WORK REQUIRED
Give back the whole listing exactly as written, leaving out each picture.
---------- EXERCISE DATA ----------
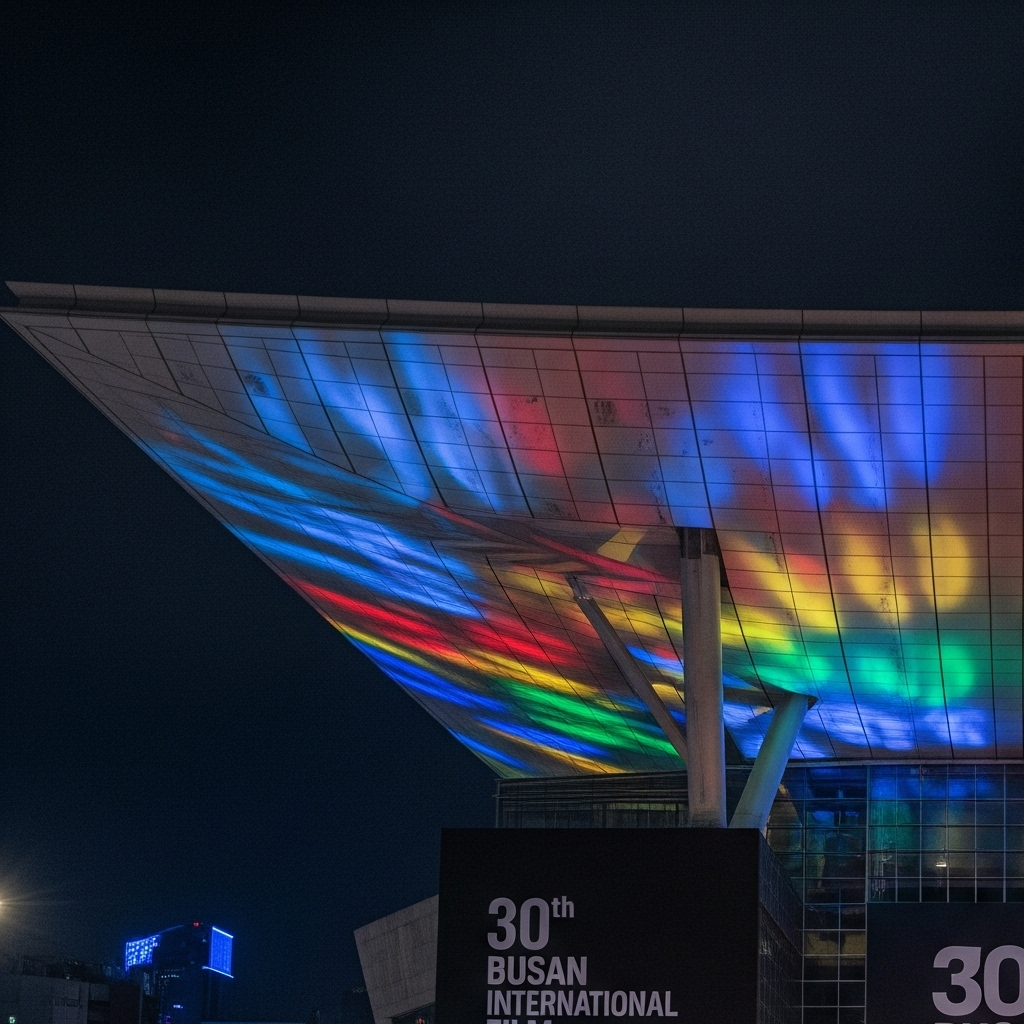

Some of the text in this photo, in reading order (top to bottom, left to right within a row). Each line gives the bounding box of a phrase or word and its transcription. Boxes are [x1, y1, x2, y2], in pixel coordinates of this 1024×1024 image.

[487, 896, 575, 950] 30th
[487, 956, 588, 986] BUSAN
[486, 990, 679, 1017] INTERNATIONAL
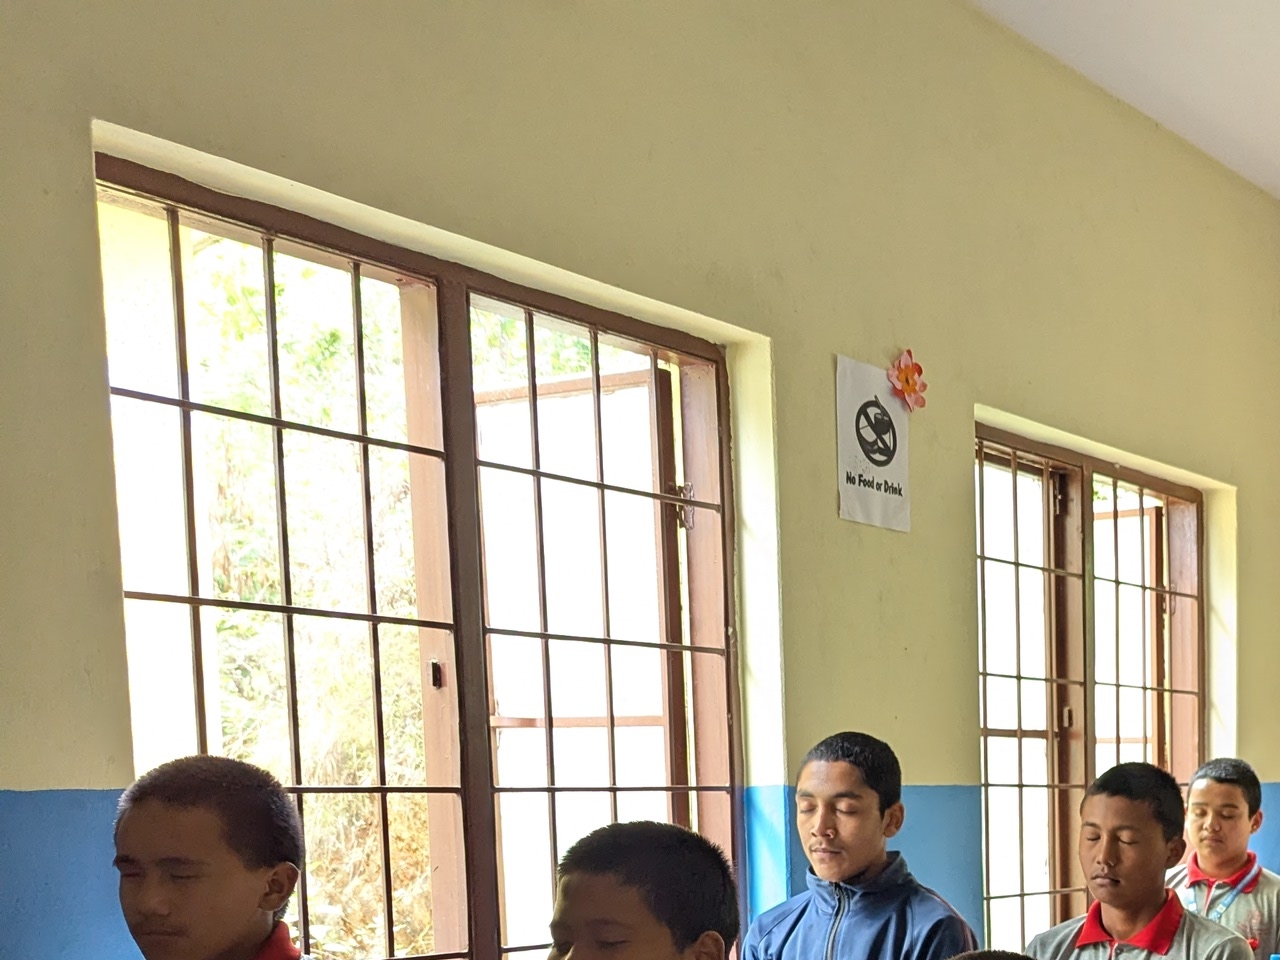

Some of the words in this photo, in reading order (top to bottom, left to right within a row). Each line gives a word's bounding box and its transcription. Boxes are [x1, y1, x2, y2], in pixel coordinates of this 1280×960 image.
----------
RESULT
Some of the text in this photo, in reading order (top to bottom, left to right within a row). Each line gives the bounding box of a phrase or word and its transcription. Boxes are [x1, y1, x2, y2], in pixel coordinates of this 1024×1024 image.

[487, 896, 575, 950] 30th
[487, 956, 588, 986] BUSAN
[486, 990, 679, 1017] INTERNATIONAL

Some of the words in this photo, in reading order (top to bottom, left to right within a row). Each line gives a word's bounding box and its transcription. Boxes are [x1, y1, x2, y2], in pixel coordinates of this 1280×960 image.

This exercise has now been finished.